Storm systems within a building are sloped, flow by gravity, and are intended to flow at 17/24 full during a 100-year storm. That’s an odd ratio and it was derived from a disagreement between engineers about whether storm piping should be 2/3 or 3/4 full; 17/24 is the median.

In practice, there are some defects with this philosophy.

First, here in Colorado, and particularly in the Midwest, we typically experience intense storms for a short duration. For example, in Denver, 100-year storm data indicates that piping should be sized to convey 2.4 inches of rainfall per hour. Over a large area, that’s a lot of water. However, most storms actually produce that 2.4 inches in about 15 minutes. When this occurs, the building’s storm system can be overwhelmed and water will begin to pond on the roof. While building structures are typically robust, roof ponding negates a basic design element of the storm system.

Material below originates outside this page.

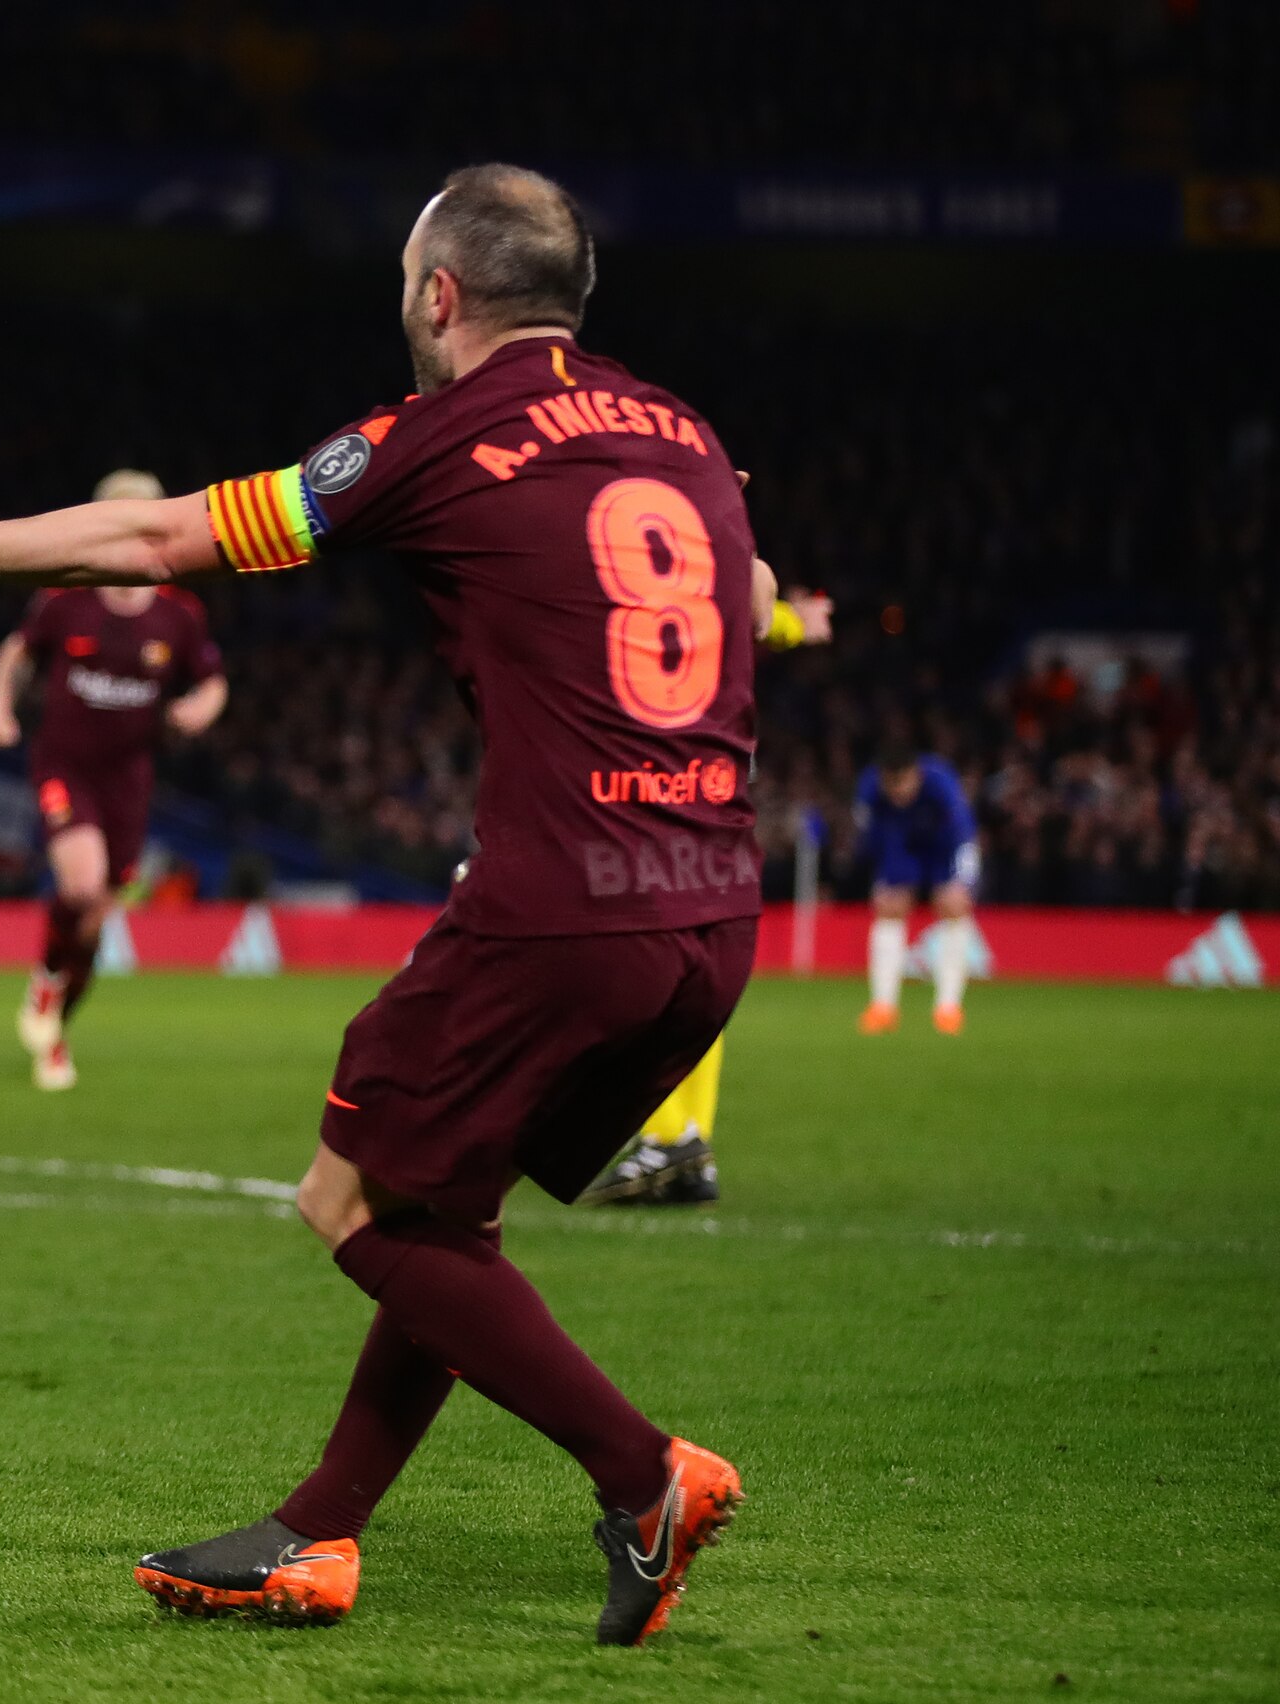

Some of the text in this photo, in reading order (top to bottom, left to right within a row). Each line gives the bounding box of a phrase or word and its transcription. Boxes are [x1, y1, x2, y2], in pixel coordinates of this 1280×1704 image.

[471, 390, 708, 481] A. INIESTA
[586, 477, 724, 729] 8
[590, 759, 702, 804] unicef
[584, 835, 759, 897] BARÇA

As water ponds, and roof drains cannot “breath” (these systems are indented to be partially full, with water flowing by gravity on the bottom and air on top), syphoning will occur. This drastically increases the flow, velocity, and pressure of rainwater in the storm system. Since roof drainage systems are not constructed to withstand much pressure, roof drain syphoning has resulted in blown-out fittings, particularly at pipe elbows or wyes (“T”-connections). In addition to the water damage that can result, blown fittings put building occupants as serious risk. A 6”x6” wye weighs about 30 lbs. If something that heavy were to fall from the ceiling level or higher, it’s a real liability!

In an effort to better understand this issue, the American Society of Plumbing Engineer’s (ASPE) Research Foundation conducted testing on dozens of roof drains to determine how much water would flow through each under varying levels of water. The results showed that there were major inconsistencies in flow from drain to drain. For example, a 3” roof drain from one manufacturer may flow more than a 6” roof drain from another manufacturer under the same conditions. Across the board, roof drains of all sizes were capable of flowing far more than engineers currently design for. Therefore, plumbing engineers have likely been unwittingly coupling high-flow symphonic “nozzles” (roof drains) with piping that can never handle such flows.

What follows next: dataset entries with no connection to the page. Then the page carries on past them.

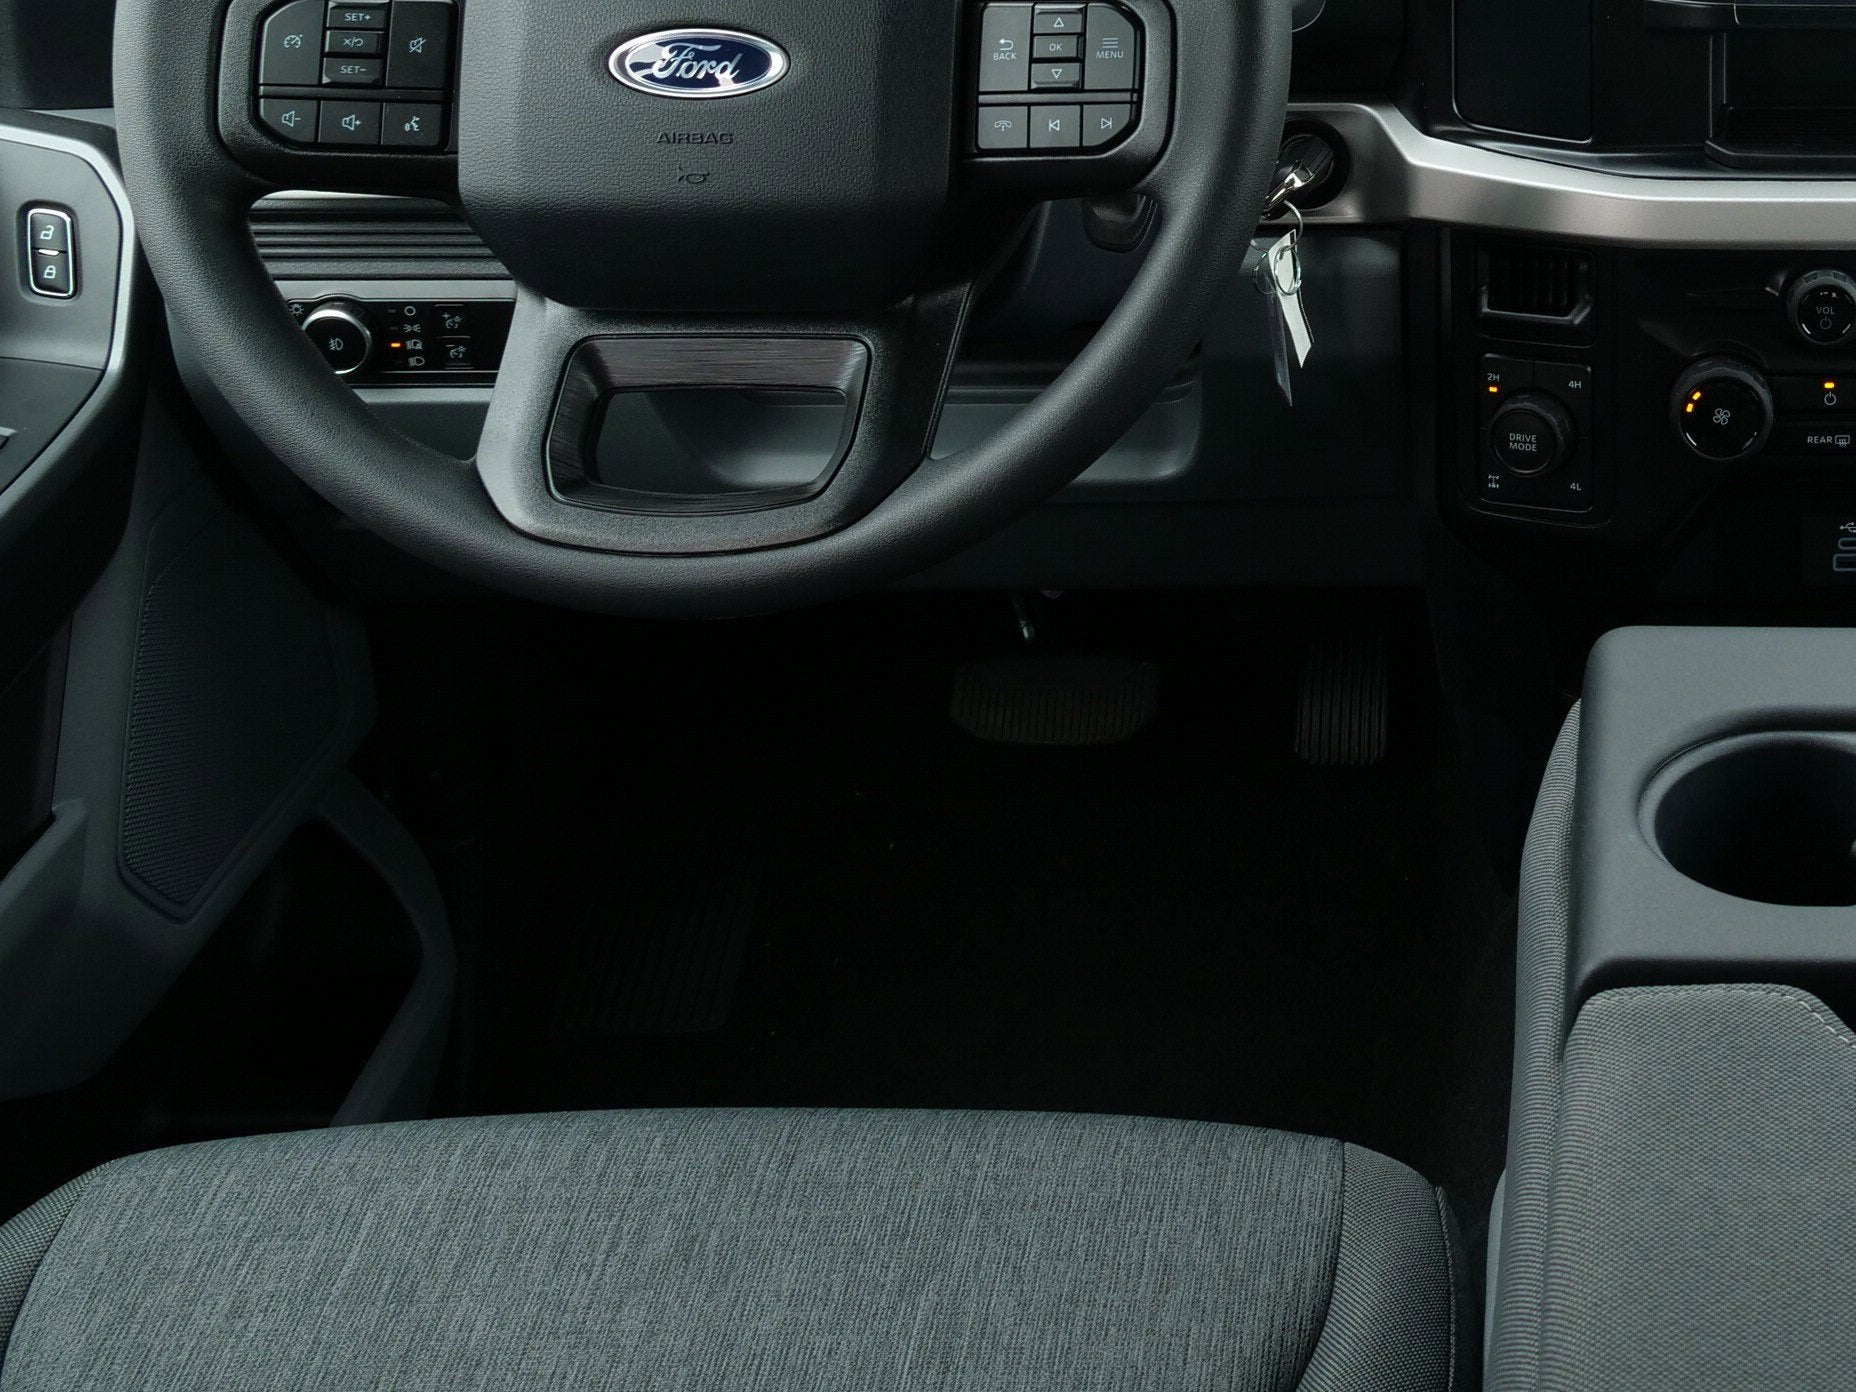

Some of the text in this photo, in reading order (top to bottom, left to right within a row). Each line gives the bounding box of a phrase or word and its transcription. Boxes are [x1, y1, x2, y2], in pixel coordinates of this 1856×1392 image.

[344, 12, 372, 22] SET+
[1049, 43, 1063, 51] OK
[993, 51, 1017, 61] BACK
[1096, 50, 1124, 59] MENU
[656, 131, 734, 145] AIRBAG
[1815, 306, 1836, 315] VOL
[1486, 372, 1500, 382] 2H
[1567, 380, 1583, 389] 4H
[1508, 433, 1538, 444] DRIVE
[1806, 435, 1833, 445] REAR
[1508, 442, 1538, 453] MODE
[1569, 482, 1582, 491] 4L

ASPE’s Research Foundation’s recommendation was to require manufacturers to test roof drain flow rates, using a similar standardized procedure as that used for the study, and publish those rates with their product literature. Engineers and designers could then use the published flow rates to adequately match roof drains to piping systems and help alleviate the potential for syphoning.

The International Code Council (ICC) has adopted these recommendations and incorporated them in the 2015 International Plumbing Code (IPC). The ICC’s priority is primarily to protect public safety and health through building standards, and this change is evidence of that commitment.

The change is not retro-active, and it’s yet to be seen how remodels and additions involving existing storm drainage systems will be handled. Other measures to improve existing systems, such as anchoring pipe fittings, are being implemented more regularly. This is an important code change made to address an issue that’s been taken for granted. Shelter from the elements is the most basic function of a building, and going forward, storm drainage systems will be better designed to meet that function. We’ll leave the blown-out manhole and street flooding issues to the Civil Engineers.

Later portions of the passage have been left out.